Ci sono incontri che non si limitano a riempire una scaletta radiofonica, ma diventano luoghi di pensiero, di scambio, di visione. La puntata di Le bellezze della Calabria, andata in onda su Radio Eco Sud e condotta da Carmelita Caruso, appartiene a questa categoria rara: quella dei dialoghi che lasciano un segno.
Caruso, voce autorevole del panorama radiofonico regionale, ha guidato la conversazione con la sua consueta eleganza comunicativa, capace di trasformare ogni domanda in un varco verso la profondità.

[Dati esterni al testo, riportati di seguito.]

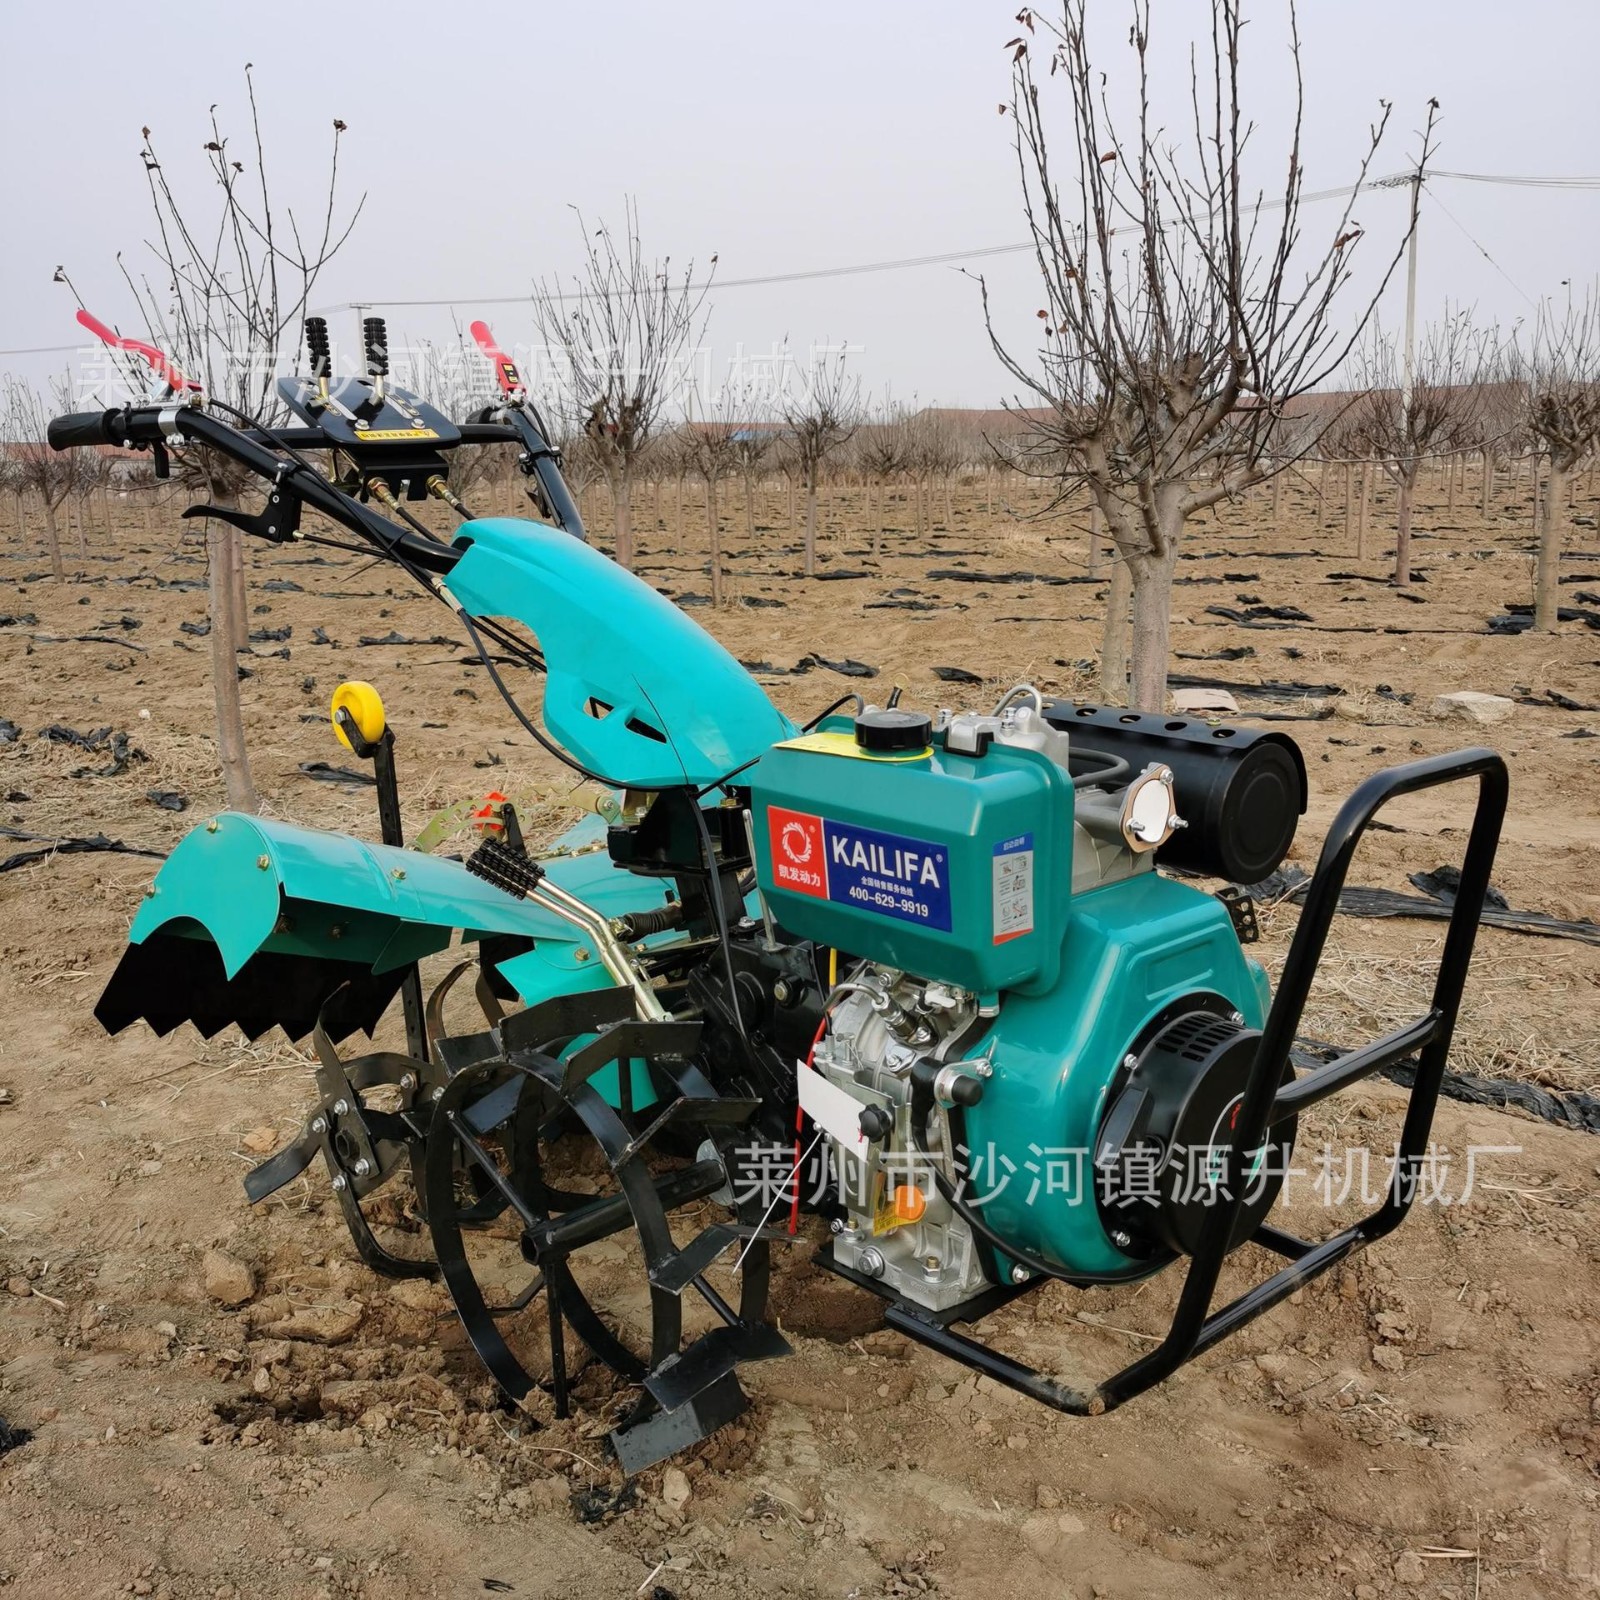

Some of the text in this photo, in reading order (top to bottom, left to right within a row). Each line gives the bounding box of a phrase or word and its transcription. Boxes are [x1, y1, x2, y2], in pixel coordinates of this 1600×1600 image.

[832, 835, 940, 888] KAILIFA
[778, 864, 821, 887] 凯发动力
[861, 876, 914, 897] 全国销售服务热线
[849, 886, 929, 917] 400-629-9919

Di fronte a lei, Pasquale Leone, autore del romanzo Il recinto degli specchi e coordinatore del Caffè Letterario dell’associazione Terra di Calabria, ha portato la sua visione culturale, fatta di introspezione, responsabilità sociale e ricerca interiore.
“Spontaneità e profondità si sono fuse in un dialogo autentico e di alto lignaggio.” (dal web)

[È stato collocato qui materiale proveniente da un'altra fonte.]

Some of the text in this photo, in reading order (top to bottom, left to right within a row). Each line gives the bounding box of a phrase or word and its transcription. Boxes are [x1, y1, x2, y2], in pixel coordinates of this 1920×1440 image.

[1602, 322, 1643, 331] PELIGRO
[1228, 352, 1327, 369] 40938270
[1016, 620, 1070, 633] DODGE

Un romanzo che continua a generare movimento
Durante l’intervista, Il recinto degli specchi è emerso come una delle opere più discusse nei salotti letterari italiani. Definito da molti “un’opera che sfida le gabbie invisibili della nostra società”, il romanzo continua a stimolare riflessioni che vanno oltre la pagina scritta, aprendo spazi di confronto sul ruolo dell’identità, della libertà interiore e della responsabilità emotiva.

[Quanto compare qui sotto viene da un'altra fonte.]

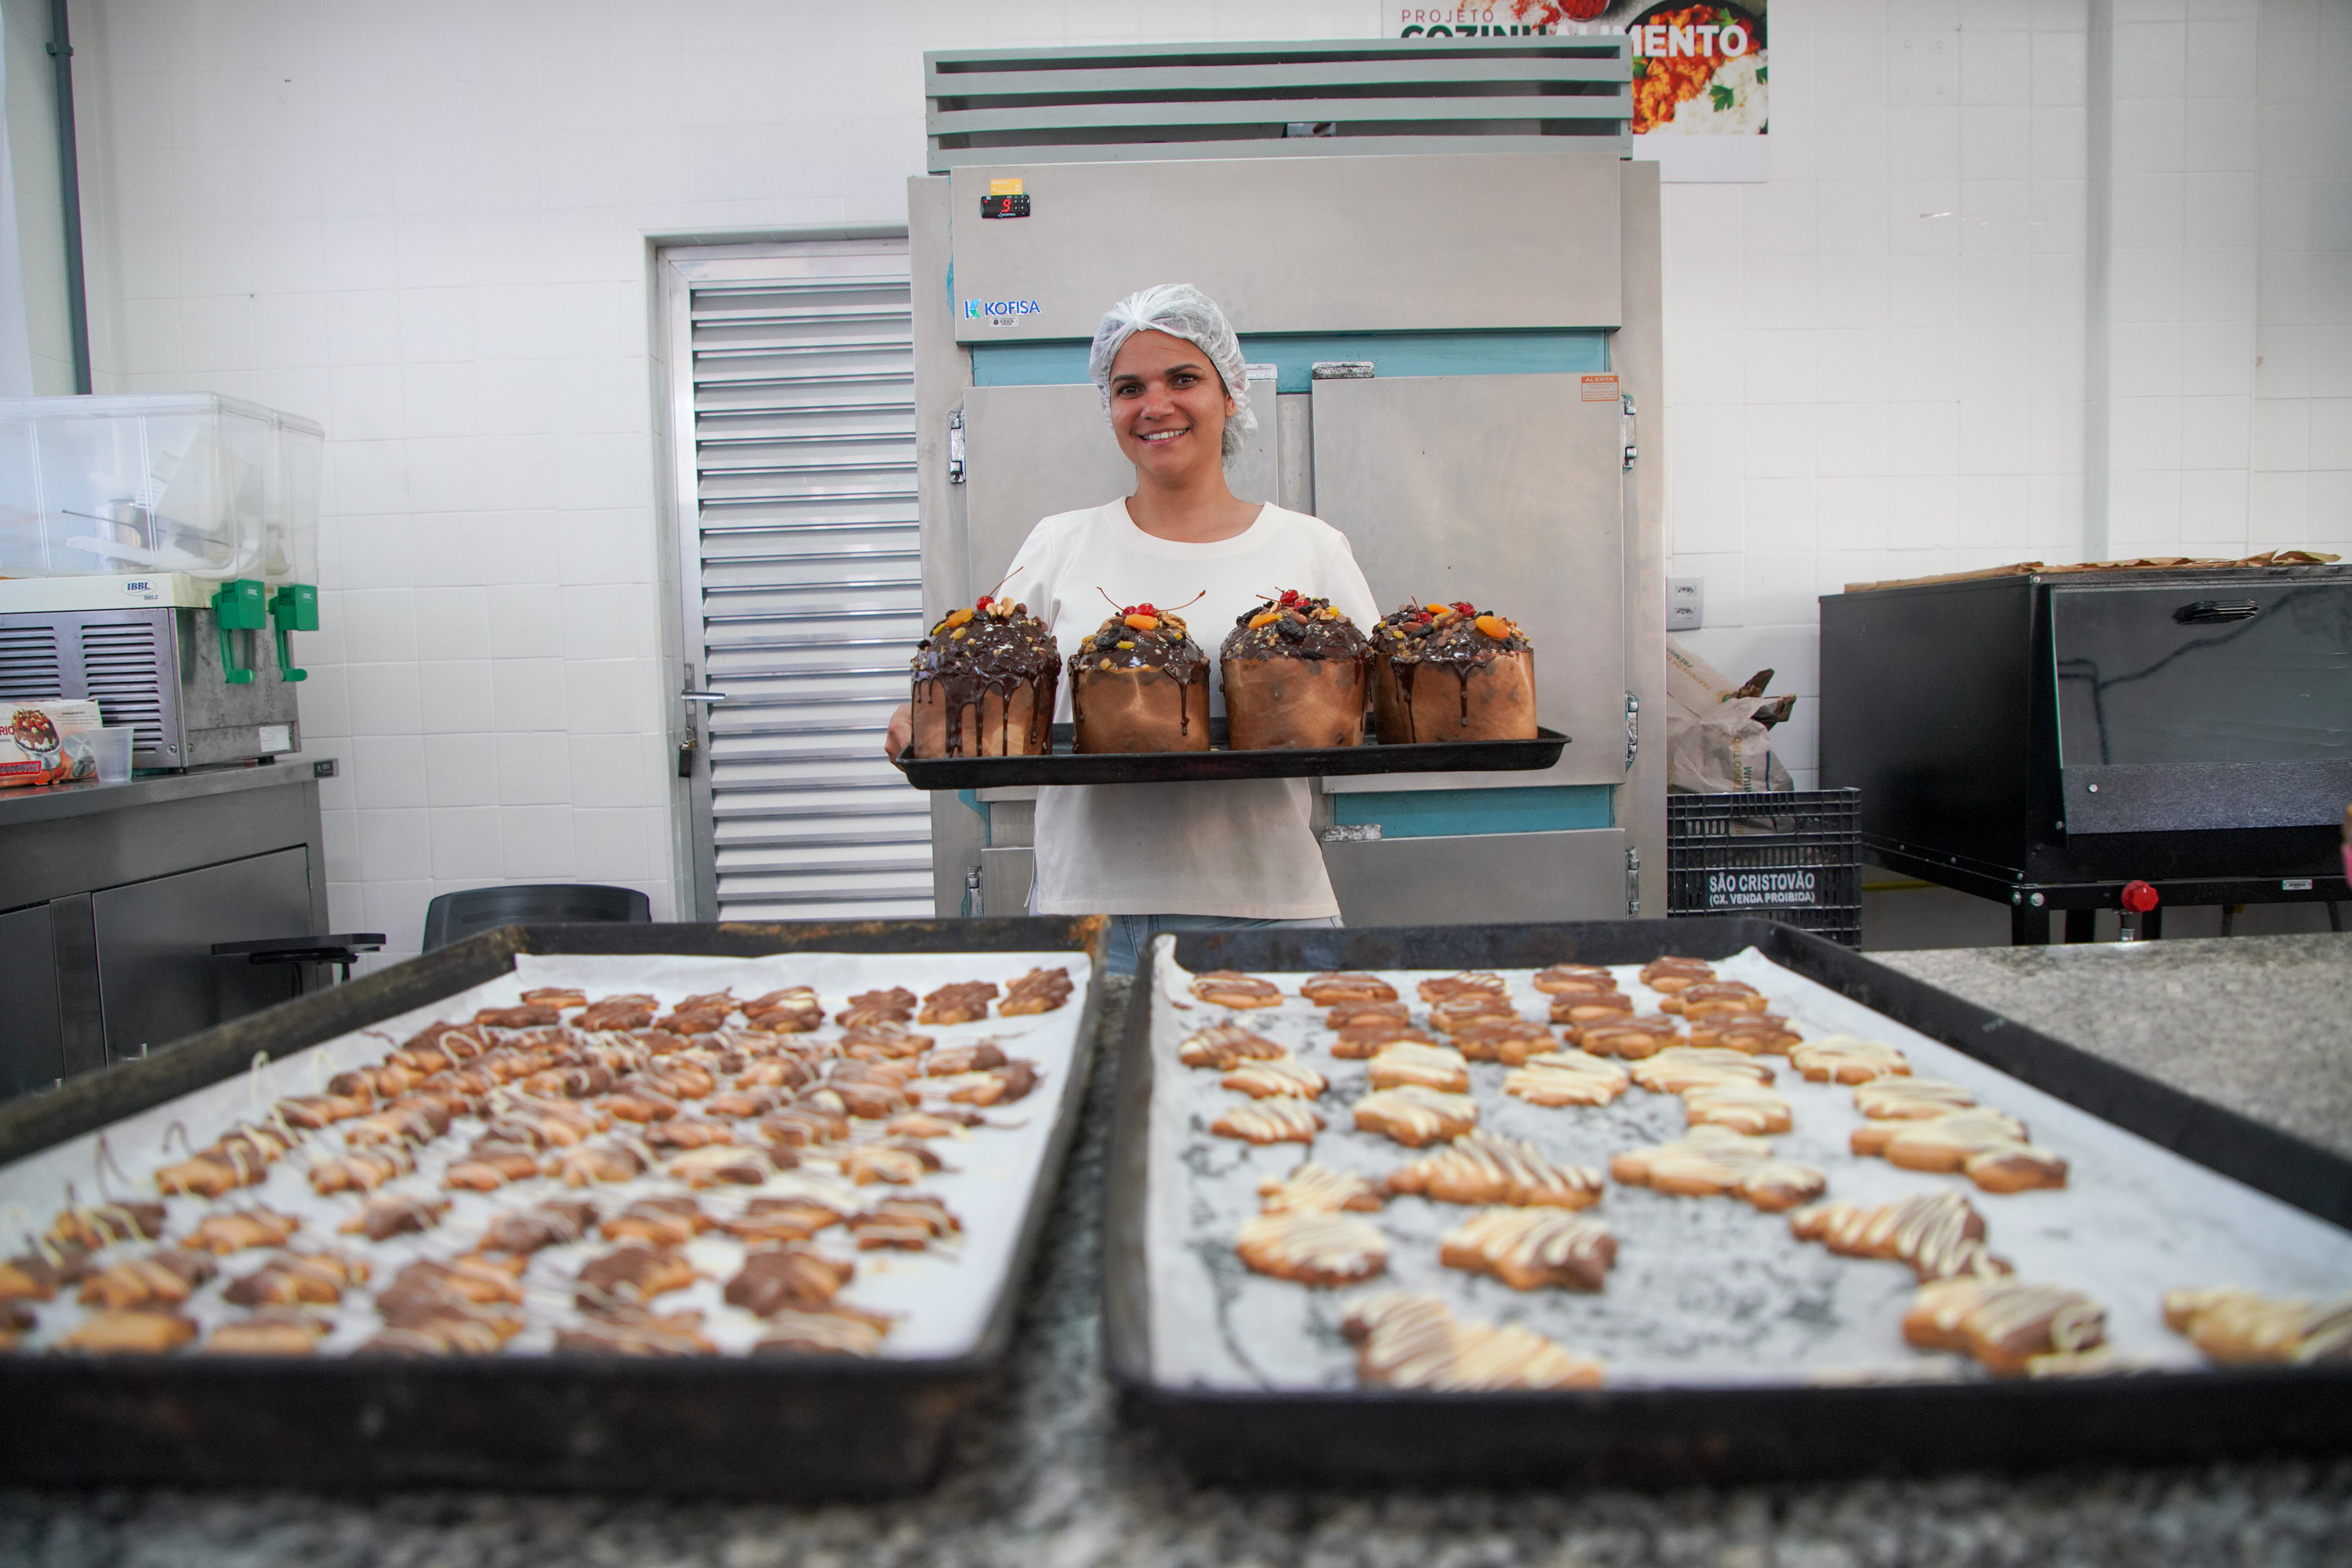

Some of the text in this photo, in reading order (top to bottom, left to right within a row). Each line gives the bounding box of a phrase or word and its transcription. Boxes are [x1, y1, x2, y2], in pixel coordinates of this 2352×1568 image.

[1401, 9, 1494, 23] PROJETO
[985, 300, 1040, 316] KOFISA
[127, 582, 150, 590] IBBL
[1733, 736, 1743, 760] TIPO
[1733, 760, 1743, 792] TRIGO
[1709, 870, 1816, 892] SÃO CRISTOVÃO
[1730, 893, 1764, 905] VENDA
[1764, 891, 1816, 904] PROIBIDA)

Caruso ha saputo valorizzare ogni sfumatura del pensiero dell’autore, creando un clima di ascolto autentico. Leone ha risposto con lucidità e passione, portando la conversazione su temi che toccano la vita reale: la fragilità, la crescita, la necessità di una cultura che non sia solo ornamento, ma strumento di trasformazione.
La Calabria come laboratorio culturale
La puntata ha restituito un’immagine chiara: la Calabria è oggi un territorio fertile, vivo, attraversato da voci che credono nel valore del dialogo e della parola. L’incontro tra Caruso e Leone ne è stato una testimonianza concreta.
“La cultura con la C maiuscola è viva, fertile e orgogliosamente calabrese.” (dal web)
In un tempo in cui la comunicazione rischia di diventare superficiale, questa intervista ha mostrato che esiste ancora uno spazio per il pensiero lento, per la riflessione condivisa, per la bellezza di un confronto che non cerca l’effetto, ma la verità.
Un segnale forte per il futuro
L’appuntamento a Radio Eco Sud non è stato solo un momento mediatico: è stato un tassello di un percorso culturale che continua a crescere. Un invito a credere nella forza delle parole, nella responsabilità degli autori, nella qualità delle voci che animano il territorio.
Un segnale incoraggiante per chi, come Pasquale Leone, lavora ogni giorno per costruire spazi narrativi, letterari e umani capaci di generare pensiero.